Loi n° 84-46 du 24 janvier 1984 relative à l'activité et au contrôle des établissements de crédit

En vigueur du 29/06/1999 au 01/01/2001En vigueur du 29 juin 1999 au 01 janvier 2001

Dernière mise à jour des données de ce texte : 20 juin 2009

ChronoLégi l'accès au droit dans le temps

Voir le sommaire du texte consolidé

Article 52-5

Version en vigueur du 29/06/1999 au 01/01/2001Version en vigueur du 29 juin 1999 au 01 janvier 2001

Abrogé par Ordonnance 2000-1223 2000-12-14 art. 4 JORF 16 décembre 2000 en vigueur le 1er janvier 2001
Création Loi n°99-532 du 25 juin 1999 - art. 65 () JORF 29 juin 1999

Les établissements adhérant au fonds de garantie lui procurent les ressources financières nécessaires à l'accomplissement de ses missions, dans des conditions fixées par le Comité de la réglementation bancaire et financière. Le fonds de garantie peut en outre émettre des certificats d'association, nominatifs et non négociables, que souscrivent les entreprises adhérentes lors de leur adhésion.

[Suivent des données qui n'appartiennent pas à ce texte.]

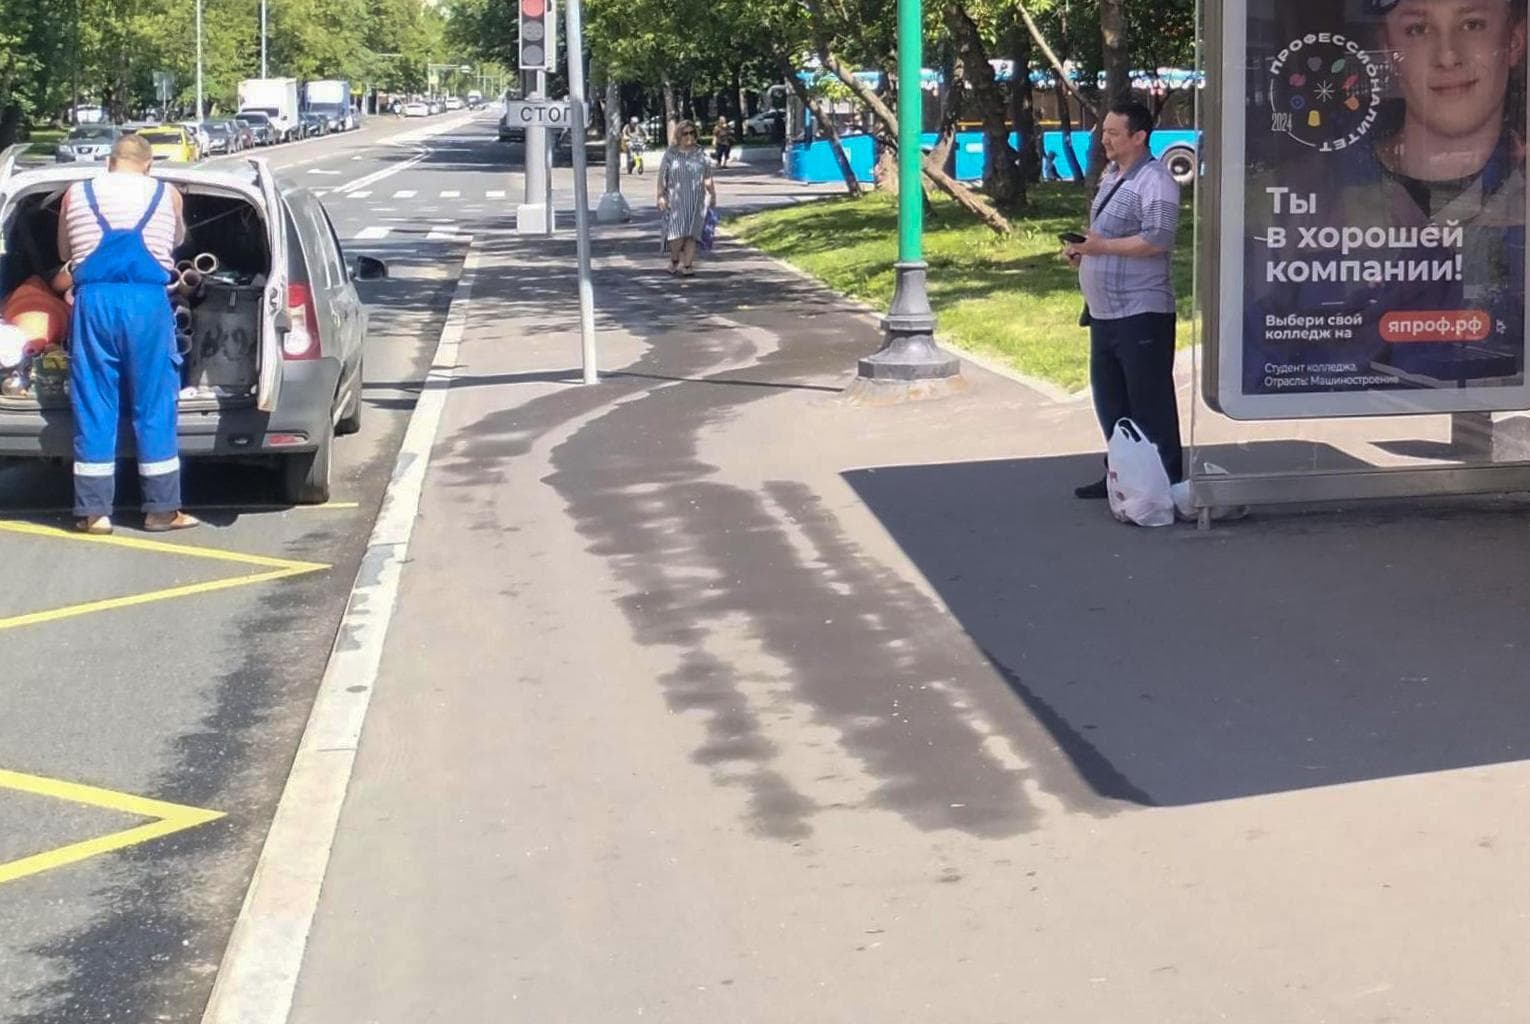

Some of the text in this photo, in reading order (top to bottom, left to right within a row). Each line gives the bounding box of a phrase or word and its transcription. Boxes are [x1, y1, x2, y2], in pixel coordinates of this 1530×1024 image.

[1270, 32, 1381, 152] ПРОФЕССИОНАЛИТЕТ
[1271, 112, 1292, 132] 2024
[1266, 186, 1316, 214] Ты
[1267, 219, 1463, 255] в хорошей
[1266, 254, 1463, 282] компании!
[1265, 312, 1362, 328] Выбери свой
[1388, 316, 1482, 336] япроф.рф
[1265, 329, 1353, 340] колледж на
[1264, 362, 1305, 375] Студент

Lorsque les pertes subies par le fonds de garantie ne peuvent être couvertes par les cotisations déjà appelées, les certificats d'association mentionnés au précédent alinéa ne peuvent plus faire l'objet d'une rémunération. Le nominal de chacun de ces certificats est alors réduit dans la proportion nécessaire pour absorber les pertes. Ces certificats d'association sont remboursables uniquement en cas de retrait de l'agrément de l'adhérent dans des conditions fixées par le Comité de la réglementation bancaire et financière. En cas de radiation d'un établissement adhérent, son certificat d'association est annulé et les sommes versées demeurent acquises au fonds de garantie.

Les cotisations dues par les établissements de crédit affilié s à un des organes centraux mentionnés à l'article 20 sont directement versées au fonds de garantie par cet organe central.

Le fonds de garantie peut emprunter auprès de ses adhérents. Il peut à ces fins constituer ou demander à ses adhérents de constituer pour son compte les garanties requises conventionnellement.